The legal qualifications vary from state to state, so if you are considering taking this type of position, you can see your state’s legal requirements here. Some of these potential qualifications include registering with the state’s board of pharmacy, passing a certification test, and passing on the job training with a licensed pharmacist. States are slowly picking up more regulations.
As mentioned above, pharmacy technicians are handling patients’ important medications, so adequate understanding of math is very necessary. It is important that a pharmacy technician can work well with fractions and percentages, adding and multiplication, and other generic math skills. Patient safety is the highest priority, so it is important to avoid major blunders caused by simple math errors.
Be able to Learn Pharmacy Laws
Pharmacy laws are the governing laws that are issued by the Drug Enforcement Agency as well as federal and state laws that govern the pharmacy. Being able to comply to rules that are there for the protection of both the patient and the staff is important. One of the most important is not making any judgement calls. If an issue that requires a judgement call should arise, have the pharmacist handle it.
Be able to Organize
Being able to organize the workspace effectively can lead to increased efficiency and a decreased number of mistakes. A logical organization system benefits everyone.
Basic Computer Skills/Computer Literacy
We live in a modern age with technology that makes many jobs easier. Being computer literate is important for ease of filling out electronic forms correctly.
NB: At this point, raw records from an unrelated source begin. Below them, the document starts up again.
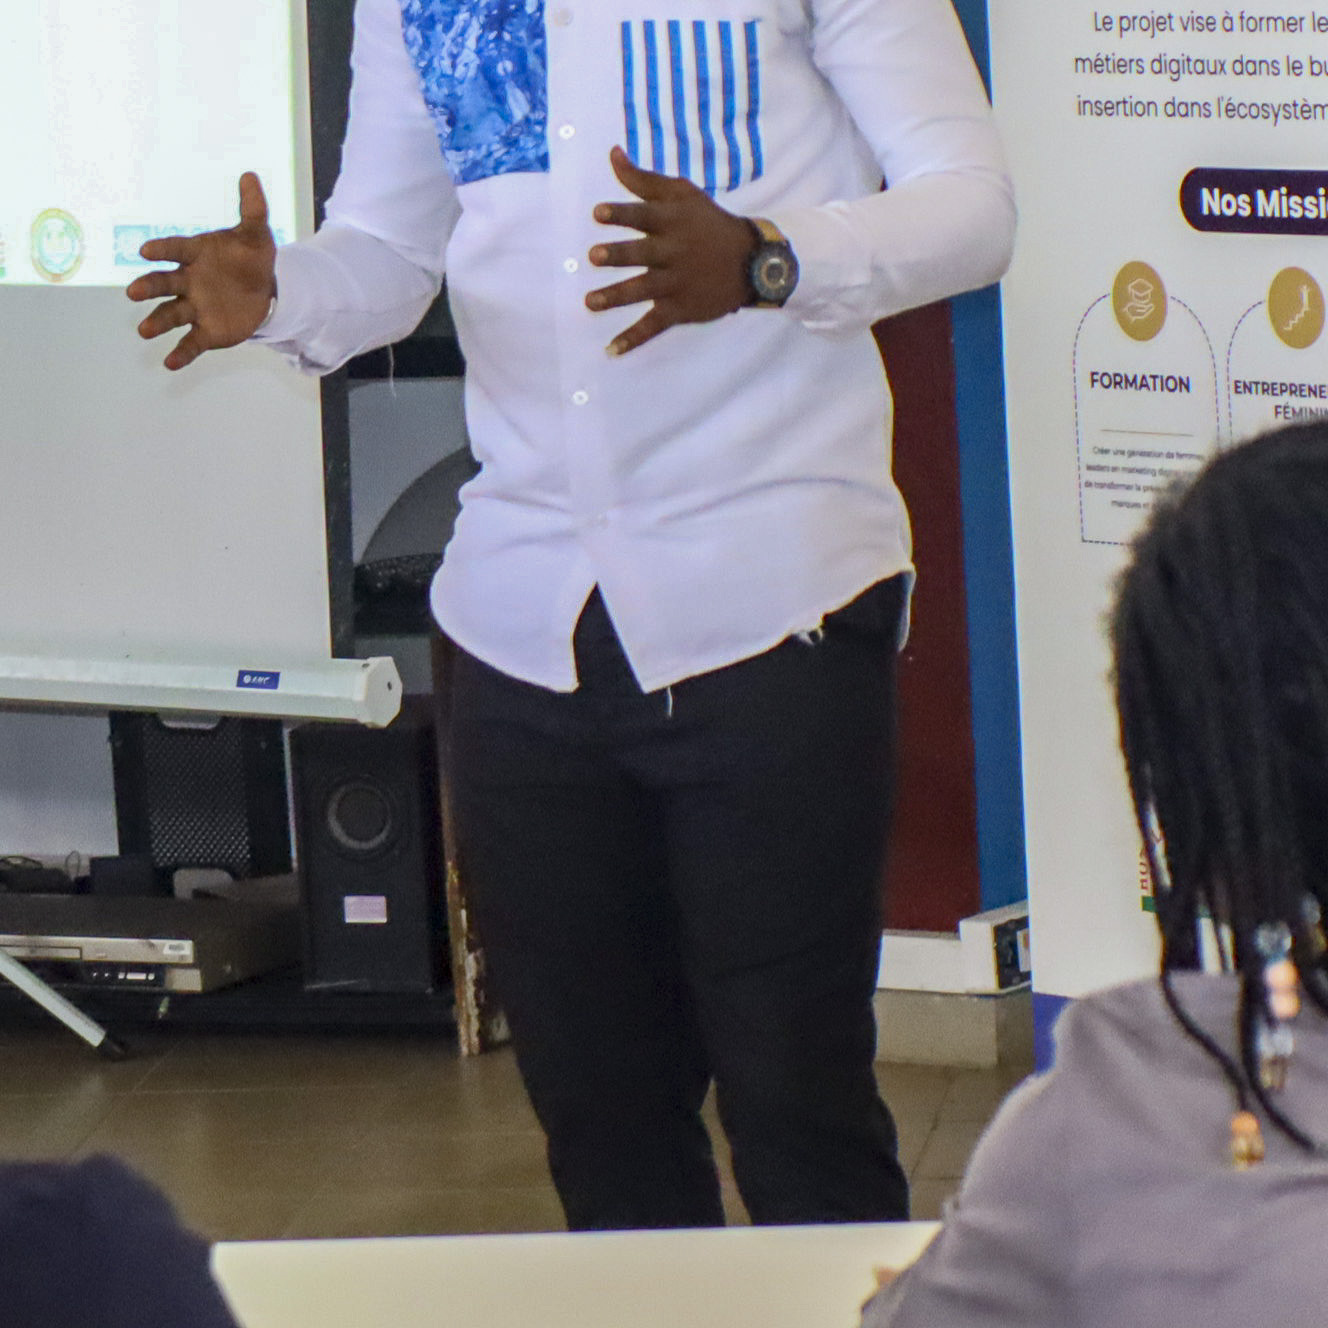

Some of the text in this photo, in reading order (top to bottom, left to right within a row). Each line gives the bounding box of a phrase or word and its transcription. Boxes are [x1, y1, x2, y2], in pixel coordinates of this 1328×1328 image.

[1094, 11, 1114, 32] Le
[1118, 11, 1175, 39] projet
[1181, 11, 1217, 33] vise
[1223, 10, 1234, 33] à
[1238, 10, 1306, 33] former
[1074, 54, 1145, 76] métiers
[1150, 53, 1227, 80] digitaux
[1232, 54, 1280, 77] dans
[1285, 54, 1304, 77] le
[1077, 95, 1158, 118] insertion
[1163, 96, 1212, 119] dans
[1201, 188, 1252, 217] Nos
[1089, 371, 1192, 394] FORMATION
It is essential that a pharmacist be able to trust you to accomplish the tasks you are assigned. Accomplishing tasks you agree to do in a timely manner helps the pharmacy run smoothly, and the pharmacist will not feel the need to be constantly looking over your shoulder and micromanage.
Pharmacy technicians are usually the ones directly speaking with the consumers. It is important that a pharmacy technician view them as patients before viewing them as customers. It is a prevalent philosophy to satisfy a customer, but a pharmacy technician has to be patient-oriented over customer-oriented and do what is best for the patient’s health over what they directly want.
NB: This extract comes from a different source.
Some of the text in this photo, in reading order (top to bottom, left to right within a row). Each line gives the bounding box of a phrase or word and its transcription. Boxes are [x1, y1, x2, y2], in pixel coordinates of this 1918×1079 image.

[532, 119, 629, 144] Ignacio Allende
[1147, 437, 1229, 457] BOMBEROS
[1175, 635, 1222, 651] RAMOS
For example, if a patient mentions they have been non-compliant in the use of a particular medication, it is important that the pharmacy technician call over the pharmacist so that the issue can be properly resolved.
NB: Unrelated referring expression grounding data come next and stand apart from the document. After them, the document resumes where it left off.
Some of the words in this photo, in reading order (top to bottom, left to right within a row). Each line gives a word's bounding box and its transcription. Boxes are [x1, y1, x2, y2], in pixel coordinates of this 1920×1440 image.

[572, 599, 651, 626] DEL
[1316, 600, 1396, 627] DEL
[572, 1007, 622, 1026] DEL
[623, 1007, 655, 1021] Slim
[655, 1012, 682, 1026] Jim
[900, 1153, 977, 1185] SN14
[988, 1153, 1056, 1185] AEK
Be able to Communicate Effectively with Insurance Companies and Medical Personnel
At times, pharmacy technicians are going to need to communicate with other medical personnel and insurance representatives. Understanding the lingo of both of these industries and being able to communicate with them effectively increases efficiency. This skill decreases confusions caused by miscommunication and is seen as highly valuable.
Be Willing to Become Certified
]While not important to have done from the onset, most employers would prefer a pharmacy technician to become certified. This is another aspect that can differentiate you while applying if you have it or state your desire to attain it.
Be Willing to Ask Questions
Understand why you’re doing something is important. Be inquisitive. It helps you gain greater amounts of information and understanding of why a pharmacist prefers things run a certain way. While not wanting to undermine a pharmacist, respectfully questioning a pharmacist’s request can potentially prevent accidental mistakes.